For further information please check LIANA's [documentation](https://liana-py.readthedocs.io/en/latest/api.html), and also [tutorial](https://liana-py.readthedocs.io/en/latest/notebooks/basic_usage.html).

## Install LIANA

Install liana's stable version:
```
pip install liana
```

Install liana's most up-to-date version:
```
pip install git+https://github.com/saezlab/liana-py
```

## Methods

The methods implemented in this repository are:

- [CellPhoneDBv2](https://github.com/Teichlab/cellphonedb)
- [NATMI](https://github.com/forrest-lab/NATMI)
- [Connectome](https://github.com/msraredon/Connectome)
- [SingleCellSignalR](https://github.com/SCA-IRCM/SingleCellSignalR)
- [CellChat](https://github.com/sqjin/CellChat) (+)
- *1-vs-rest* expression `LogFC` score
- `Geometric Mean` - ligand-receptor geometric mean with pvalues obtained 
via the permutation approach implemented by CellPhoneDBv2
- `rank_aggregate` of the predictions calculated with the
[RobustRankAggregate](https://academic.oup.com/bioinformatics/article/28/4/573/213339) method

(+) A resource-independent adaptation of the CellChat LR inference functions.

## Ligand-Receptor Resources

The following CCC resources are accessible via this pipeline:

- Consensus ($)
- CellCall
- CellChatDB
- CellPhoneDB
- Ramilowski2015
- Baccin2019
- LRdb
- Kiroauc2010
- ICELLNET
- iTALK
- EMBRACE
- HPMR
- Guide2Pharma
- ConnectomeDB2020
- CellTalkDB
- MouseConsensus (#)

($) LIANA's default `Consensus` resource was generated from several expert-curated resources, 
filtered to additional quality control steps including literature support, complex re-union/consensus,
and localisation.

(#) Consensus Resource converted to murine homologs.


## Cite LIANA:

Dimitrov, D., Türei, D., Garrido-Rodriguez M., Burmedi P.L., Nagai, J.S., Boys, C., Flores, R.O.R., Kim, H., Szalai, B., Costa, I.G., Valdeolivas, A., Dugourd, A. and Saez-Rodriguez, J. Comparison of methods and resources for cell-cell communication inference from single-cell RNA-Seq data.
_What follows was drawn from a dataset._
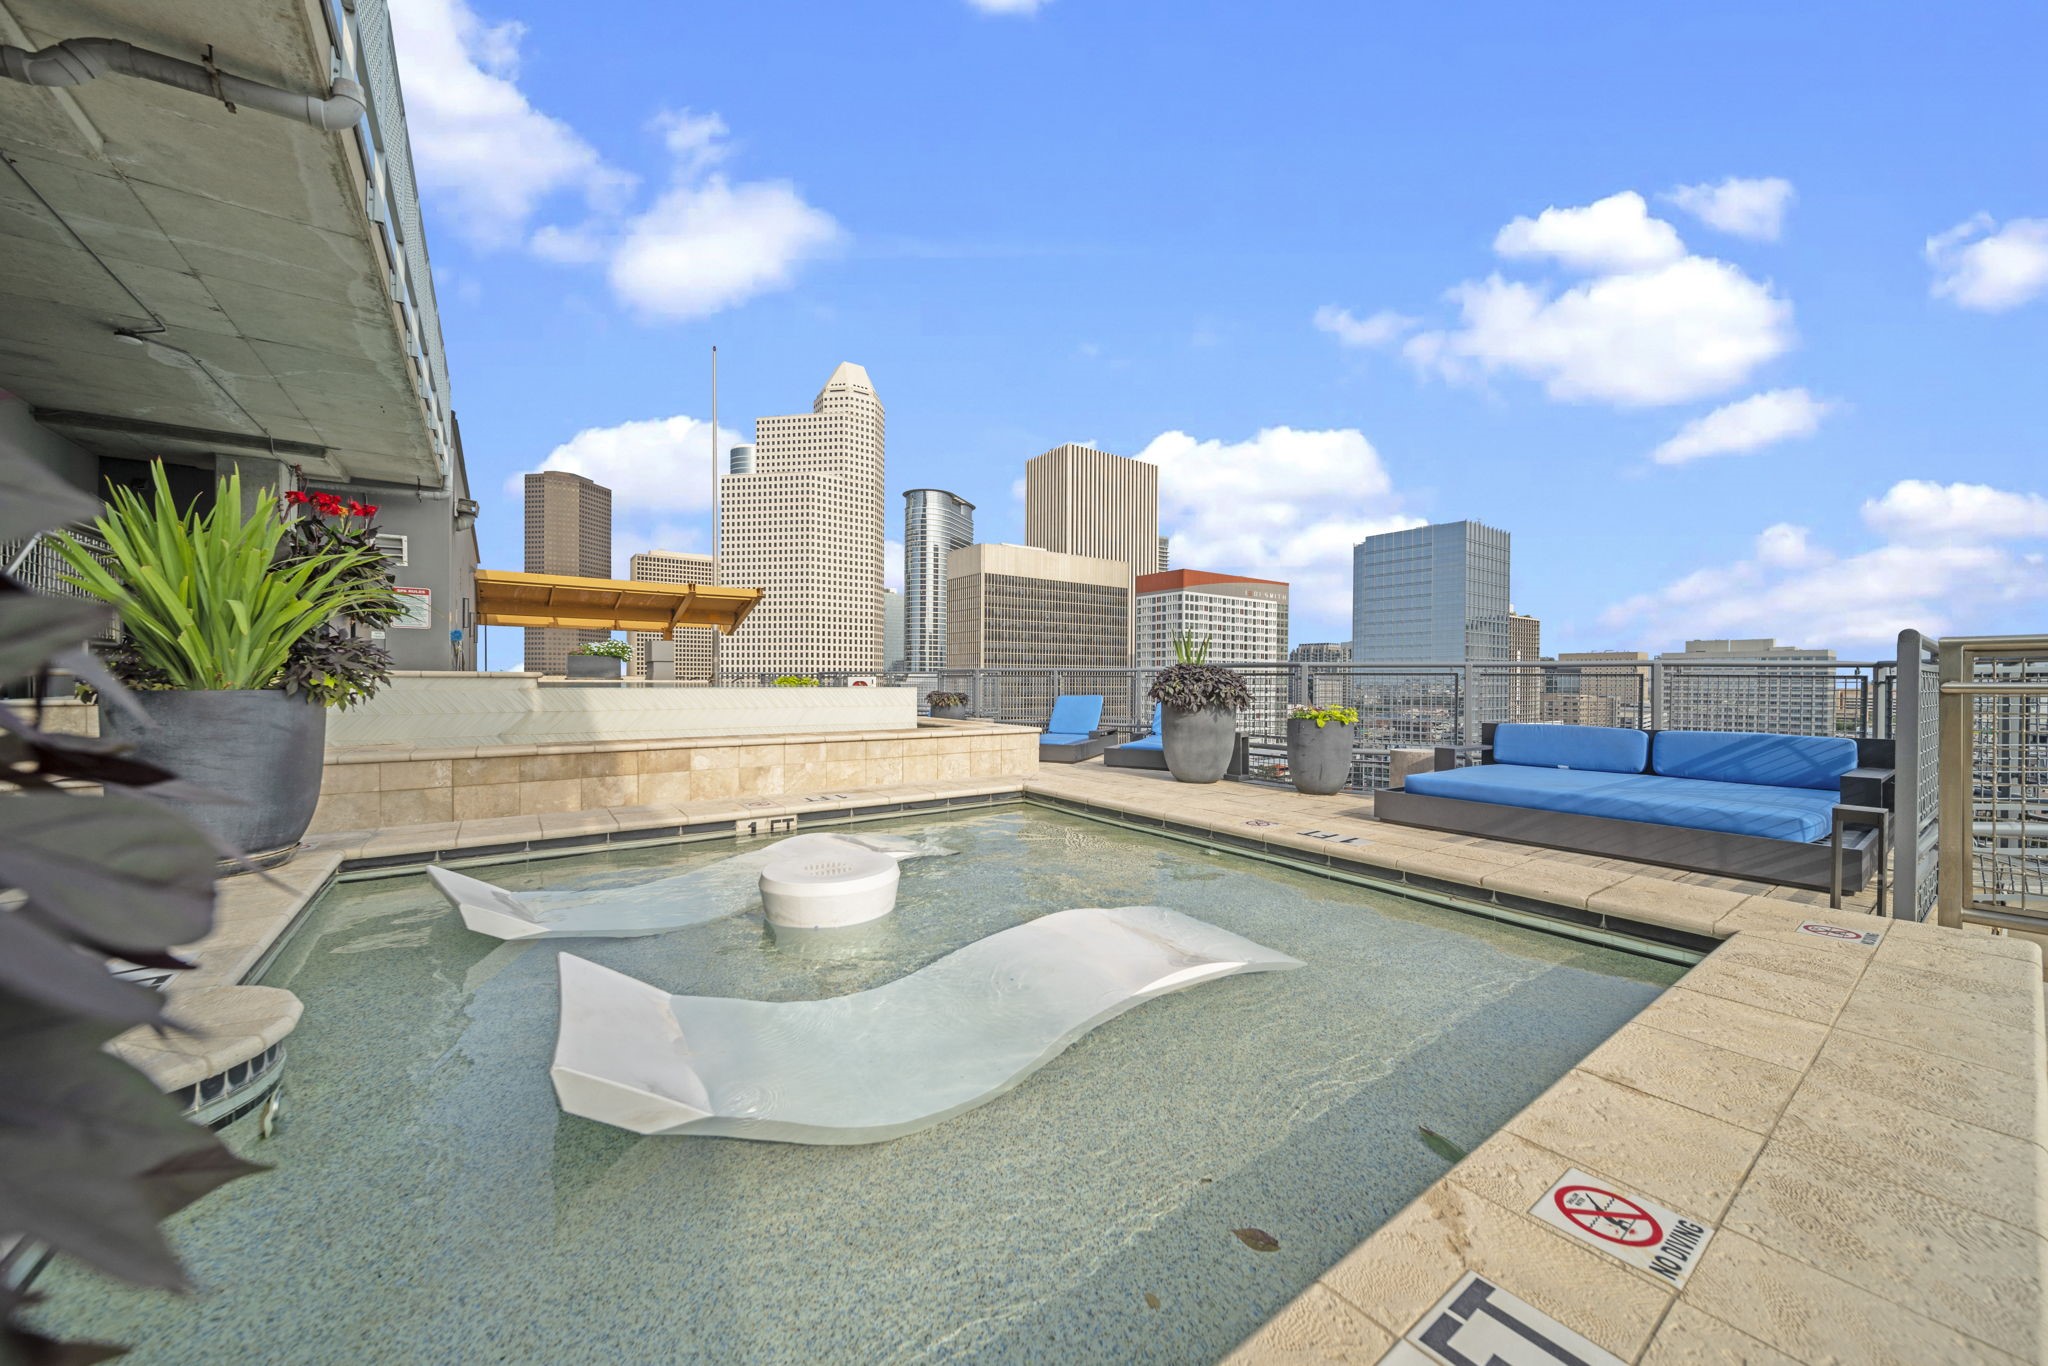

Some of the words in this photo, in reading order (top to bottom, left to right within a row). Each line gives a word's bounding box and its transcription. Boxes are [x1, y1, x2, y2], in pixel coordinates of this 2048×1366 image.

[748, 822, 757, 834] 1
[1661, 1219, 1704, 1262] DIVING
[1649, 1255, 1682, 1281] NO
Nat Commun 13, 3224 (2022). https://doi.org/10.1038/s41467-022-30755-0
Also, if you use the OmniPath CCC Resource for your analysis, please cite:

Türei, D., Valdeolivas, A., Gul, L., Palacio‐Escat, N., Klein, M., Ivanova, O., Ölbei, M., Gábor, A., Theis, F., Módos, D. and Korcsmáros, T., 2021. Integrated intra‐and intercellular signaling knowledge for multicellular omics analysis. Molecular systems biology, 17(3), p.e9923. https://doi.org/10.15252/msb.20209923

Similarly, please consider citing any of the methods and/or resources implemented in liana, that were particularly relevant for your research!